# 17 — Sequential analysis for ratio metrics via linearization

Ratio metrics (e.g., revenue / sessions) are common but statistically tricky:
- The ratio-of-means and mean-of-ratios differ
- Instability can arise from small or zero denominators

In v1 we use a **linearization** approach (delta-method style), then apply the same sequential pipeline as for mean metrics.

We demonstrate:
- Linearization recap
- Sequential monitoring on linearized signal
- Failure mode: denominator zeros / near-zeros

Outputs:
- Look table for the linearized metric
- z-trajectory with sequential boundary (group sequential or CS)
- Practical guardrails


In [None]:
import numpy as np
import pandas as pd
import matplotlib.pyplot as plt

from tecore.sequential.schema import (
    SequentialSpec,
    LookSchedule,
    SequentialConfig,
    SequentialMode,
    SpendingFunction,
    EffectDirection,
)
from tecore.sequential.preprocess import build_look_table_mean
from tecore.sequential.group_sequential import run_group_sequential
from tecore.sequential.confidence_sequences import run_confidence_sequence
from tecore.sequential.ratio import linearize_ratio
from tecore.sequential.simulate import SequentialSimConfig, simulate_ab_stream

plt.rcParams["figure.figsize"] = (9, 5)
plt.rcParams["axes.grid"] = True


## 1) Simulate a ratio stream and linearize


In [None]:
N = 20000
looks = [2000, 4000, 6000, 8000, 12000, 16000, 20000]
alpha = 0.05

# ratio=True => generate num/den columns
df = simulate_ab_stream(SequentialSimConfig(n=N, effect=0.03, noise_sd=1.0, heavy_tail=False, drift=False, seed=41, ratio=True))

print(df.head())
print("den zeros share:", float((df["den"] <= 0).mean()))

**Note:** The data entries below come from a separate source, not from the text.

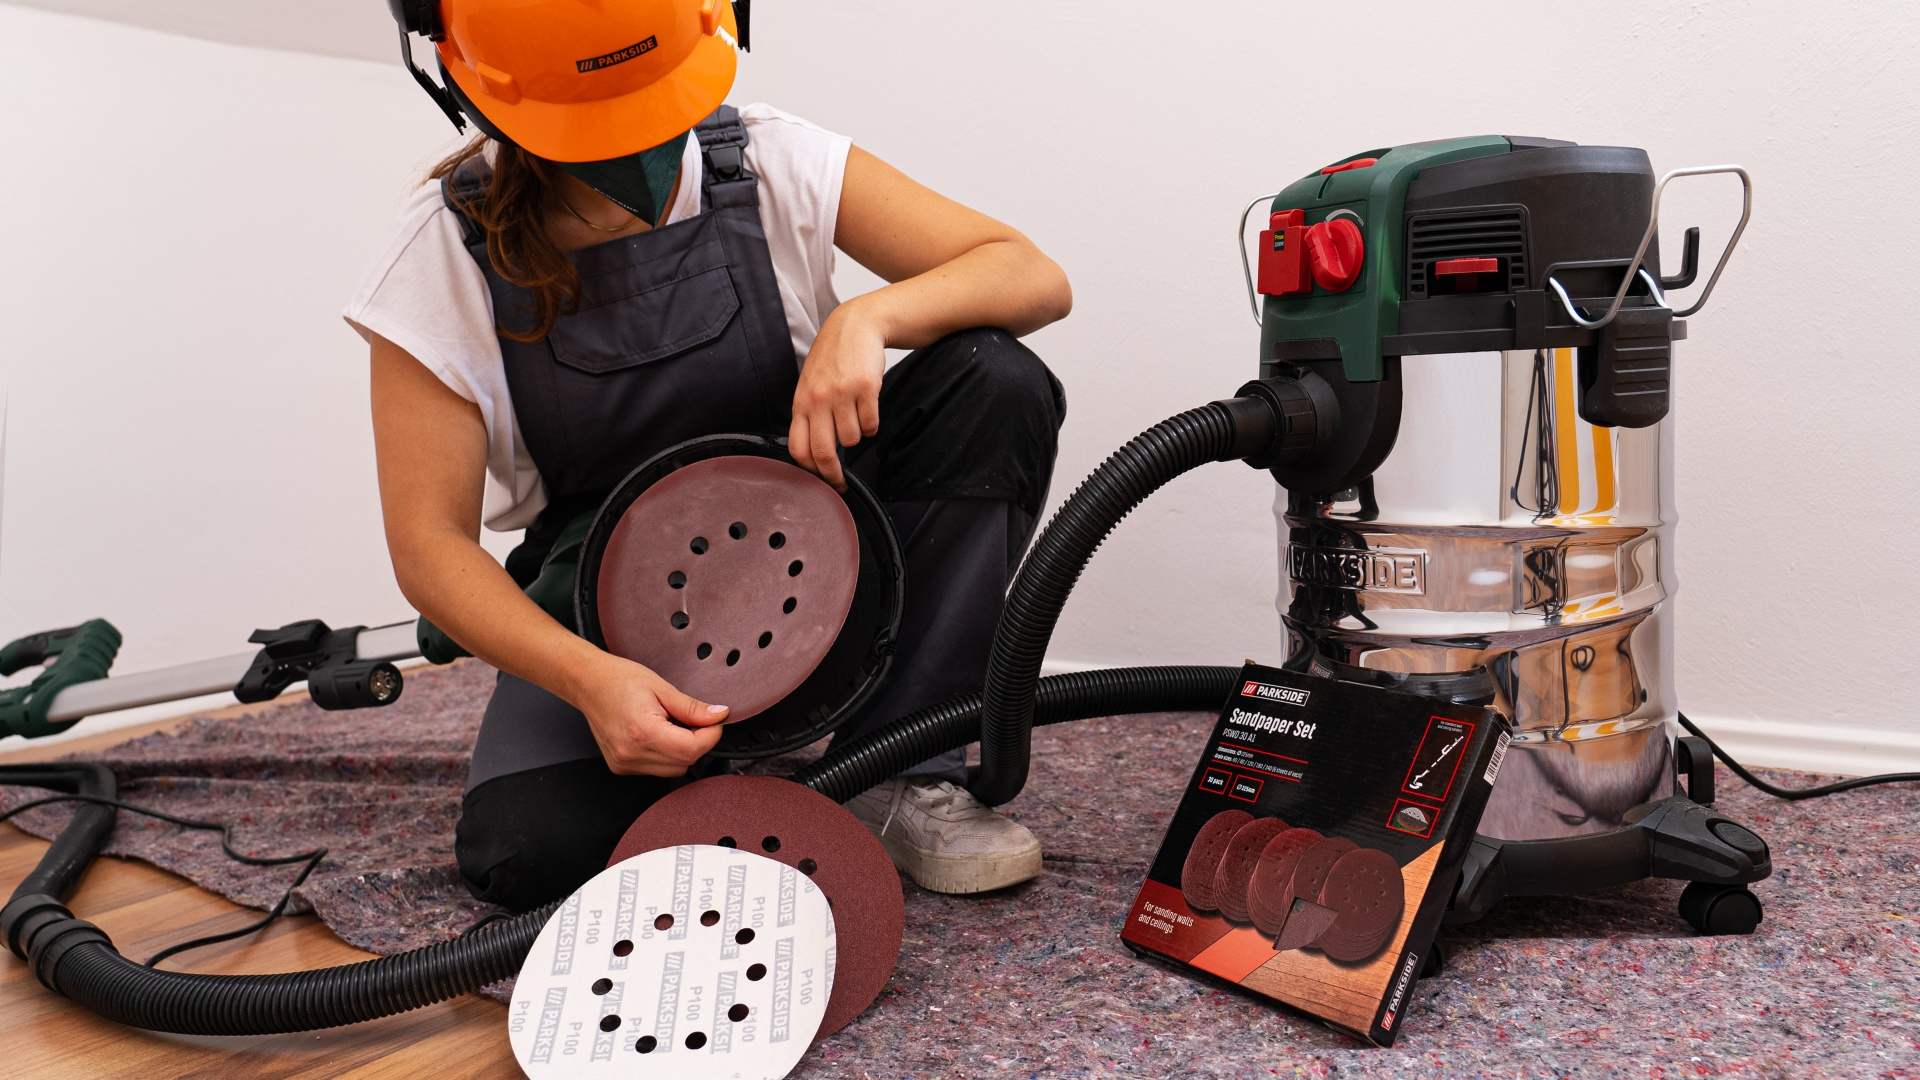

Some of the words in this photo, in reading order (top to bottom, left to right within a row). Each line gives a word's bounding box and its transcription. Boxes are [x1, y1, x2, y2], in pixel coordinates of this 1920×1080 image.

[598, 38, 655, 67] PARKSIDE
[1256, 685, 1305, 703] PARKSIDE
[1229, 707, 1294, 734] Sandpaper
[1292, 719, 1317, 740] Set
[671, 865, 691, 939] PARKSIDE
[699, 878, 714, 910] P100
[585, 909, 602, 945] P100
[642, 906, 658, 940] P100
[752, 896, 766, 929] P100
[1138, 913, 1152, 924] and
[1149, 918, 1174, 934] ceilings
[1143, 901, 1155, 912] For
[1153, 906, 1178, 923] sanding
[1176, 914, 1194, 927] walls
[773, 961, 791, 1039] PARKSIDE
[800, 968, 814, 1006] P100
[1389, 957, 1415, 1012] PARKSIDE
[510, 1001, 531, 1033] P100
[657, 974, 678, 1049] PARKSIDE
[686, 986, 703, 1021] P100
[562, 1022, 583, 1056] P100

# Linearize ratio; baseline fixed by first look (v1)
df_lin, baseline = linearize_ratio(
    df,
    num_col="num",
    den_col="den",
    group_col="group",
    control_label="control",
    baseline_mode="first_look",
    first_look_n=looks[0],
)

print("baseline_ratio(first_look, control)=", baseline)
print(df_lin[["group", "num", "den", "y_lin"]].head())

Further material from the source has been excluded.